Life is good with impromptu get-togethers. And life is VERY good when these impromptus feature lovely burgundies.
Ming San invited a few of us to his place and hours later we arrived at his cosy abode. The evening started with an Egly Ouriet NV VP (Vieillissement Prolonge) Grand Cru, a Champagne made out of mostly, if not entirely, Pinot Noir. This was disgorged in May 2005 and the nose was had a pain grille element to it. High pitched and crisp berries with very ripe grapefruits dominated the palate. Plenty of acidity, this bubbly was crisp, bone-dry and lip-smackingly crying for food. (It paired wonderfully well with the pasta later on.)
A white followed on later. At once buttery, generous with gunflints and toast on the nose. In fact this smelled oily. Similarly plump and round on the palate but still fresh despite clearly somewhat aged, I thought of Meursault in mid-90s. And if it's ever a Puligny (which is the only other possibility, it could only be from les Combettes). Turned out to be Robert Ampeau's Puligny-Montrachet les Combettes 1979! Okay, so I still have L.O.T.S. to learn about white burgundies. Whether I got it right or wrong, it was a very pleasureable drink. Surprisingly lively and its origin would not be masked despite its age.
The next wine came out of decanter and served into a Bordeaux glass. I know I'm in the right company when a bordeaux is served outright before the burgundies! Knowing that the host is always particular about details like stemwares, even prior to sniffing this wine, I guessed it would not be a burgundy. Well, sniff it still I must. And what I found is a bordeaux which was merlot dominated, with redcurrants, some earth and later on, hints of sweet tobacco. Already gentle and drinking gracefully now, this came through mildly sweet and honest in its flavours. Again I was lost here. I thought left -- turned out right. I took a shot at St. Emilion -- turned out to be Pomerol. I thought mid '80s, maybe '85 -- turned out '81. Given a multiple choice for its producer -- got it mistaken too. Hmmm... I think I got the hint that I should really stick to burgundies (but I'd gladly obey). Nonetheless it's a lovely drink, tireless to come back to and holding out nicely over time in the glass. La Conseillante 1981 Pomerol.
The nose of the next wine was serious -- black raspberries, slightly meaty with stemmy nuances behind a huge fruits. In the palate this went across pretty much like the nose, with spicy black cherries and crushed dark raspberries and the Chambolle typicity peeked through. Dense and fairly extracted, with a generous yet well-handled wood treatment. What this fell short was the midpalate, coming across as earnest but still a little lacking. Domaine Leroy Chambolle-Musigny les Fremieres 2002 -- a superb villages wine.
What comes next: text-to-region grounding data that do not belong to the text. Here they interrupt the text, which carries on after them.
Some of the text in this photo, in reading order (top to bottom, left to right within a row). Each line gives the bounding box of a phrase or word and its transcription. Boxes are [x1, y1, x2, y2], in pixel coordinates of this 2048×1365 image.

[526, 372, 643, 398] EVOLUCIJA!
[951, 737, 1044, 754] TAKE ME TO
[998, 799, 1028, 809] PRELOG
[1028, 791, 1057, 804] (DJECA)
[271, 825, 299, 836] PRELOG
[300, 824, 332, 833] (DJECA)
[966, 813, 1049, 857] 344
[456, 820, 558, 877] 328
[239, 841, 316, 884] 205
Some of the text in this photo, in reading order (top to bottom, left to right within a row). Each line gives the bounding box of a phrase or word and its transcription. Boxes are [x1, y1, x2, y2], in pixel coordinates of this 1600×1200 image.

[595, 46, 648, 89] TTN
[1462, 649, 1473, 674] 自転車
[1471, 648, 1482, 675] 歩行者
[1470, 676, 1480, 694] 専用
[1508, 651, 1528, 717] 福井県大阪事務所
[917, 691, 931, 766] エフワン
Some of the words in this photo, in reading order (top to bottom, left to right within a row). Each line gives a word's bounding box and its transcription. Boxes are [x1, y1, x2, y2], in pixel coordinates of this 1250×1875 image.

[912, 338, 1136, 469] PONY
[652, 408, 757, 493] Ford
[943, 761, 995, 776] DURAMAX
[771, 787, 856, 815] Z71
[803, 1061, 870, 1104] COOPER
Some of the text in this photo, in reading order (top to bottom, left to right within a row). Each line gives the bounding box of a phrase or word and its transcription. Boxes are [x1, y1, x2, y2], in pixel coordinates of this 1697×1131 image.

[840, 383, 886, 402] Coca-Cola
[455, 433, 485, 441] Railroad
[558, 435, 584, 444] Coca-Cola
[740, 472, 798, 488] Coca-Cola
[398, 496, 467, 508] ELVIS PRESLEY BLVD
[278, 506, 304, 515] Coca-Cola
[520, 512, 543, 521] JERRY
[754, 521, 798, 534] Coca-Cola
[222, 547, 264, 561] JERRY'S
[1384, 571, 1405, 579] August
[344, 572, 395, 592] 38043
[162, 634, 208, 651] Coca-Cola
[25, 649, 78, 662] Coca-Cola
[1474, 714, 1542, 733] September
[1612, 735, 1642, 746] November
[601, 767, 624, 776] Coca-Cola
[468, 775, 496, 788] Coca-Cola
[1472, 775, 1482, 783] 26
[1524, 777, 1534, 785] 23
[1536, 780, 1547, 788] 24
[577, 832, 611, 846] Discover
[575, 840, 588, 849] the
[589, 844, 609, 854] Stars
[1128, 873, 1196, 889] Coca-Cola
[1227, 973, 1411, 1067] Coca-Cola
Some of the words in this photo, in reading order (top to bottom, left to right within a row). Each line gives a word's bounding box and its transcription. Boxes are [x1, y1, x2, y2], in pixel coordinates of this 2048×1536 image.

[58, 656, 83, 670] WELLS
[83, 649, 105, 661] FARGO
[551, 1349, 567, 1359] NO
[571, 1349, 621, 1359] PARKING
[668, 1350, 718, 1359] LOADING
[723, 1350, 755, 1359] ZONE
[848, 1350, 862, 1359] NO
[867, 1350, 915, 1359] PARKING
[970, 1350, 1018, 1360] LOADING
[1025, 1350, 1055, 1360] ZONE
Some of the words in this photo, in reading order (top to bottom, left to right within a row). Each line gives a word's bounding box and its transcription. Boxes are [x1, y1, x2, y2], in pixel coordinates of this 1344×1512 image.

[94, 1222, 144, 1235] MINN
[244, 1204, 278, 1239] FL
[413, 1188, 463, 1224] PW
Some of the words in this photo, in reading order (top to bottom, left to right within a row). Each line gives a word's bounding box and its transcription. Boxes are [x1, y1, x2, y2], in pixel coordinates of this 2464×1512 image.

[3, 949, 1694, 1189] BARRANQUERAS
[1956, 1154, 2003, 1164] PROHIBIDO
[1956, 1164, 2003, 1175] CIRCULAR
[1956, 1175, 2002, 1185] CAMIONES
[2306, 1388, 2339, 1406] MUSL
If the Leroy hinted at Chambolle, the next wine almost screamed of it. Lighter yet brighter raspberries with a creamy element on the nose. Candied and crunchy in the mouth, this hinted at some minerality and immediately displayed brighter acid spine. Linear and persistent, this was surprisingly approachable for what it was (probably due to the impression of roundness and polish in the finish). Everyone guessed it's a Cote de Nuits, only that this was Marquis d'Angerville Volnay Champans 2002. A southern Chambolle dead-ringer on all counts which further ratified my admiration for this domaine.
The next wine was a showstopper. Drop dead gorgeous Chambolle fruits and intense minerality in the core, with enormously sappy palate impression and complicating nuances of very ripe yet very high-pitched fruits and intriguing scents of spices contributed possibly by the inclusion of some stems. The finish just wouldn't quit and minutes after I swallowed this, I found myself still constantly salivating and replicating the haunting red-fruited flavours of the wine in the mouth! Totally linear, clear, clean and mercilessly arresting in the midpalate with a huge volume yet utter weightlessness. Mind-boggling and unequivocally a great, great wine. Louis Jadot le Musigny 2000. This, along with Georges et Henri Jayer's Echezeaux are the two most emotionally thrilling wines I've tasted from the 2000 vintage. Those who are skeptical about 2000 Burgundies should drink these and may they hold their peace forever.
Ming San pulled another bottle out of his cellar. This had the tell-tale meaty, bacon-fatty aromas and a structured frame of cool-weather fruits encased in endless bright acids which could only (well, almost always) come from vintage 1996. This wine displayed a wealth of pure crushed red fruits and tinge of steely minerality. While not decidedly Gevrey, given the choice, I had to think along the lines of Gevrey due to its elegance and somewhat imposing yet aloof structure. Very stony, very long and very impressive especially so for a Volnay les Caillerets 60 Ouvrees 1996 from Domaine Pousse d'Or. This came from the last vintage Gerard Potel made and wow, did it really confound me, this one.
The night ended. And I was completely stupefied... What a great experience!